Dans le cas de Northvolt, l’usine y serait assujettie si elle avait une capacité de production annuelle d’au moins 60 000 tonnes métriques. Ce seuil était fixé à 50 000 tonnes jusqu’en juillet dernier, mais il a été modifié par le gouvernement Legault. L’usine prévoit une production annuelle de 56 000 tonnes.
Mardi, le ministre de l’Économie, de l’Innovation et de l’Énergie, Pierre Fitzgibbon, a défendu la décision de modifier les règles environ deux mois avant l’annonce du mégaprojet soutenu et financé par le gouvernement caquiste. « Je peux vous assurer qu’il n’y a pas eu de grand complot pour avantager Northvolt, a-t-il dit. Certains journalistes, des partis de l’opposition prétendent qu’on a modifié les règles pour que Northvolt puisse éviter un BAPE. J’espère que vous comprenez que c’est totalement faux. »

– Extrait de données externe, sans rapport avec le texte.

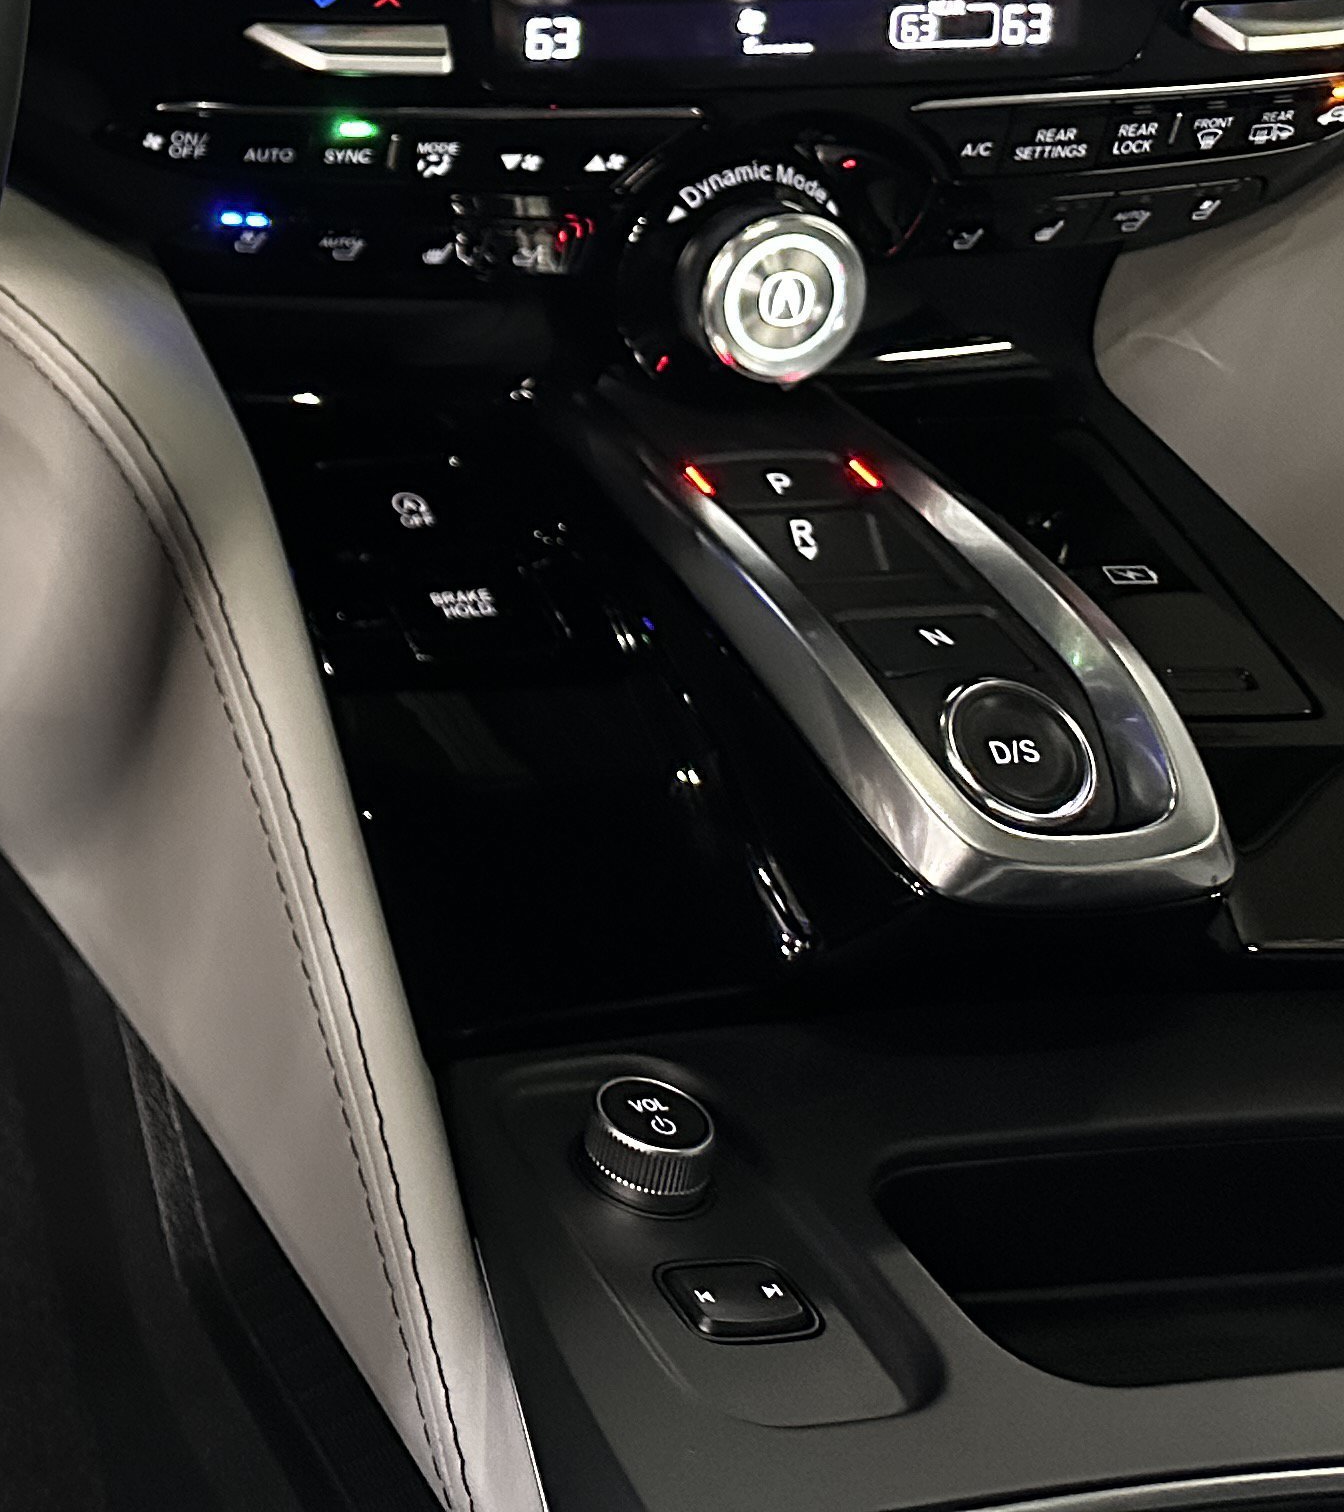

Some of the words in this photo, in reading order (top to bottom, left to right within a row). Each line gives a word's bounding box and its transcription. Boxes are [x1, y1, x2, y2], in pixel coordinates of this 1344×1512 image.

[900, 14, 937, 43] 63
[1002, 3, 1052, 46] 63
[525, 16, 581, 61] 63
[1193, 116, 1235, 130] FRONT
[1261, 109, 1295, 122] REAR
[1035, 128, 1077, 143] REAR
[1118, 122, 1159, 138] REAR
[168, 144, 208, 159] OFF
[243, 147, 297, 163] AUTO
[323, 148, 375, 164] SYNC
[417, 141, 461, 156] MODE
[961, 142, 994, 158] A/C
[1013, 144, 1088, 161] SETTINGS
[1112, 140, 1153, 155] LOCK
[678, 159, 773, 209] Dynamic
[776, 163, 829, 204] Mode
[766, 471, 792, 494] P
[789, 519, 814, 548] R
[429, 588, 495, 607] BRAKE
[442, 602, 498, 619] HOLD
[919, 626, 954, 650] N
[989, 738, 1041, 767] D/S
[627, 1096, 669, 1114] VOL

M. Fitzgibbon a reconnu que son gouvernement a fixé une norme qui fait en sorte que la production de cathodes par Northvolt, établie à 56 000 tonnes métriques, dispense l’entreprise de se soumettre à un BAPE. « C’est vrai que le seuil du BAPE pour la production de cathodes est plus élevé que celui de la production de Northvolt », a-t-il déclaré, tout en critiquant au passage « une certaine forme de journalistes, de journalistes militants ».
Pour le BAPE
Les résultats de ce sondage abondent dans le sens d’une enquête commandée par Northvolt, et publiée plus tôt cette semaine, en ce qui a trait à la pertinence de mandater le BAPE pour analyser ce projet avant de l’autoriser. En tout, 68 % des 1122 personnes sondées à l’échelle de la province sont favorables à la tenue d’un BAPE.
Quelque 67 % des 500 répondants du sondage commandé par l’entreprise et mené auprès de citoyens de six villes de la Montérégie étaient pour un tel examen, une pratique courante au Québec pour les grands projets qui peuvent avoir des impacts environnementaux et sociaux.

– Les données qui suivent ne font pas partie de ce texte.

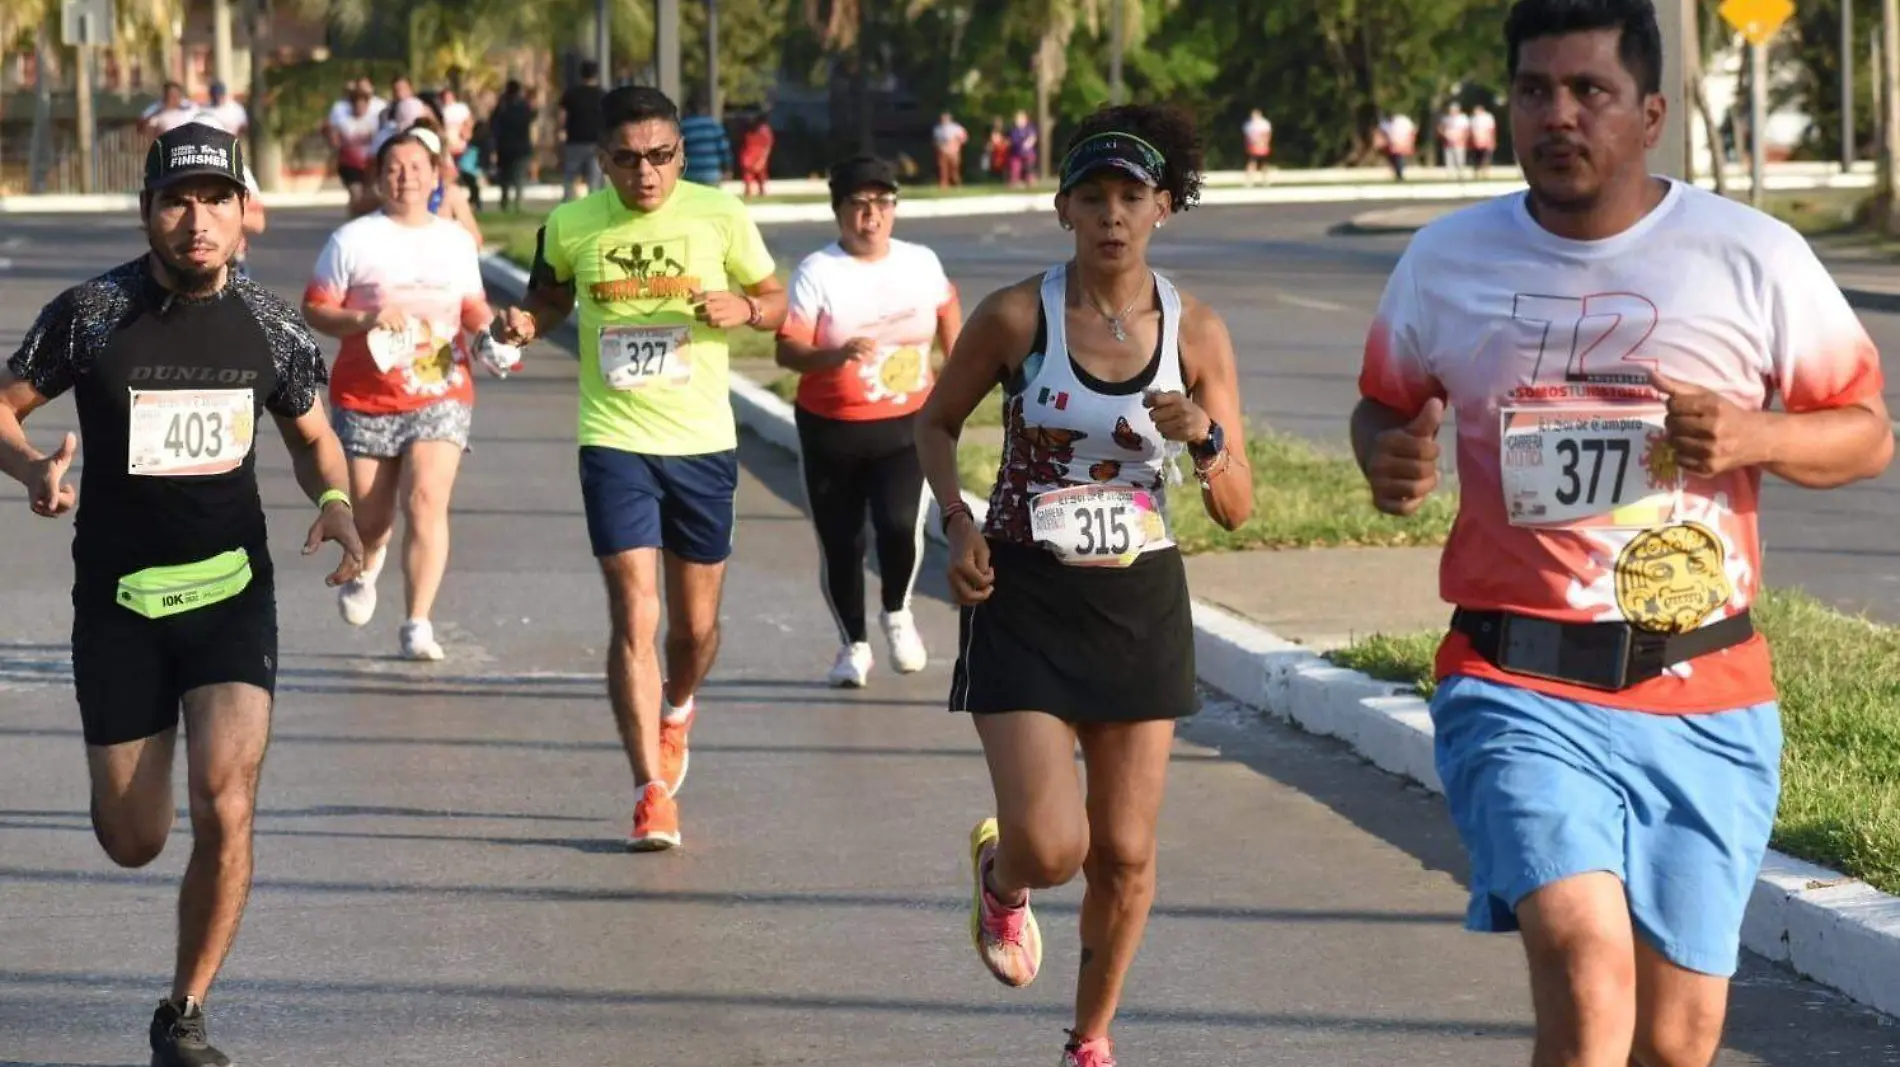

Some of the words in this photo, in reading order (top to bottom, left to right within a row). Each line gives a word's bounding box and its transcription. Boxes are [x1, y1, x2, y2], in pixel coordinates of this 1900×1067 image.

Même si deux sondages indiquent que les Québécois sont pour un examen du BAPE, le cabinet du ministre de l’Environnement du Québec, Benoit Charette, a de nouveau fermé la porte mercredi.
« Le Québec possède l’un des cadres d’évaluation environnementale les plus rigoureux en Amérique du Nord. L’analyse environnementale réalisée par [le] ministère n’y fait pas exception. Les normes environnementales sont les mêmes, peu importe la procédure à suivre, et ce, pour toutes les entreprises. Je tiens à rappeler que l’entreprise devra se soumettre au BAPE pour la phase relative au recyclage des matériaux de batteries », a-t-on fait valoir dans une réponse écrite.

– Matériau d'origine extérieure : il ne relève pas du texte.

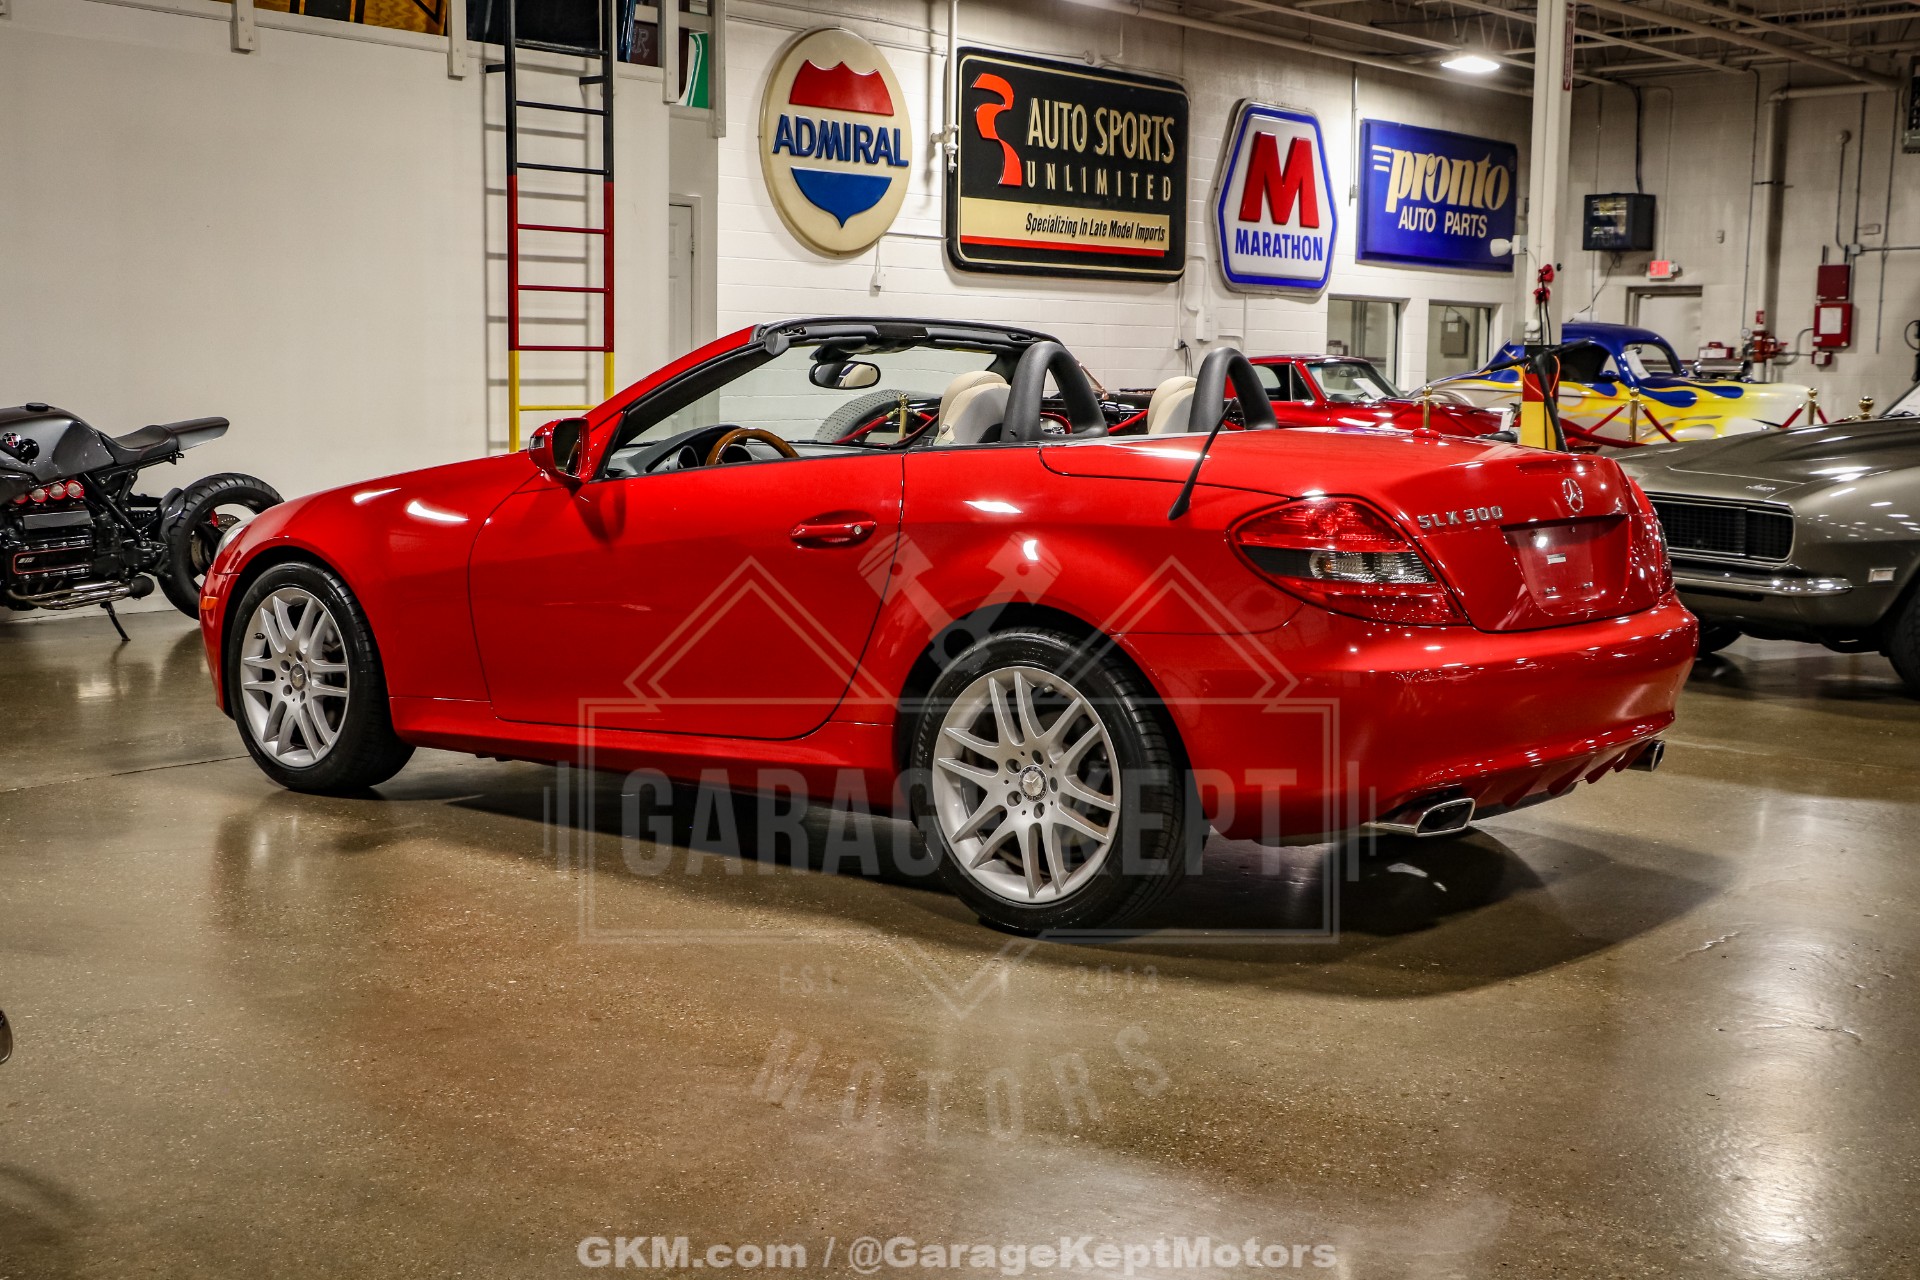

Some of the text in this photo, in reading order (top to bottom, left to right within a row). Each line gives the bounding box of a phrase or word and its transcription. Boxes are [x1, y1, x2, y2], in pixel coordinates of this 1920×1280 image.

[772, 113, 909, 168] ADMIRAL
[1026, 97, 1175, 164] AUTO SPORTS
[1025, 160, 1172, 202] UNLIMITED
[1238, 130, 1320, 229] M
[1384, 148, 1511, 213] pronto
[1025, 212, 1166, 244] Specializing In Late Model Imports
[1398, 204, 1489, 239] AUTO PARTS
[1235, 227, 1324, 262] MARATHON
[1417, 505, 1504, 529] SLK 300

Et selon les groupes environnementaux qui ont commandé le sondage publié mercredi, « avec près d’un répondant sur cinq qui affirme être indécis à l’égard du projet, le gouvernement aurait tout avantage à s’assurer que la population soit mieux informée des tenants et aboutissants de ce dernier ». Actuellement, il est impossible de savoir quels sont les détails du projet analysé par le gouvernement, en vue de l’autoriser.
Les organisations estiment qu’« en jouant avec la réglementation, le gouvernement a entraîné la méfiance envers ses décisions et les projets qu’il propose ». Selon les groupes, le ministre Benoit Charette « peut et doit utiliser son pouvoir discrétionnaire afin de déclencher une évaluation du BAPE » pour le projet de Northvolt d’ici la date butoir du 22 mars.
Le 24 février 2024, Pallas Data a sondé un échantillon aléatoire de 1122 personnes âgées de 18 ans ou plus et vivant dans la province de Québec. La marge d’erreur du sondage est de ± 2,9 %, à un niveau de confiance de 95 %.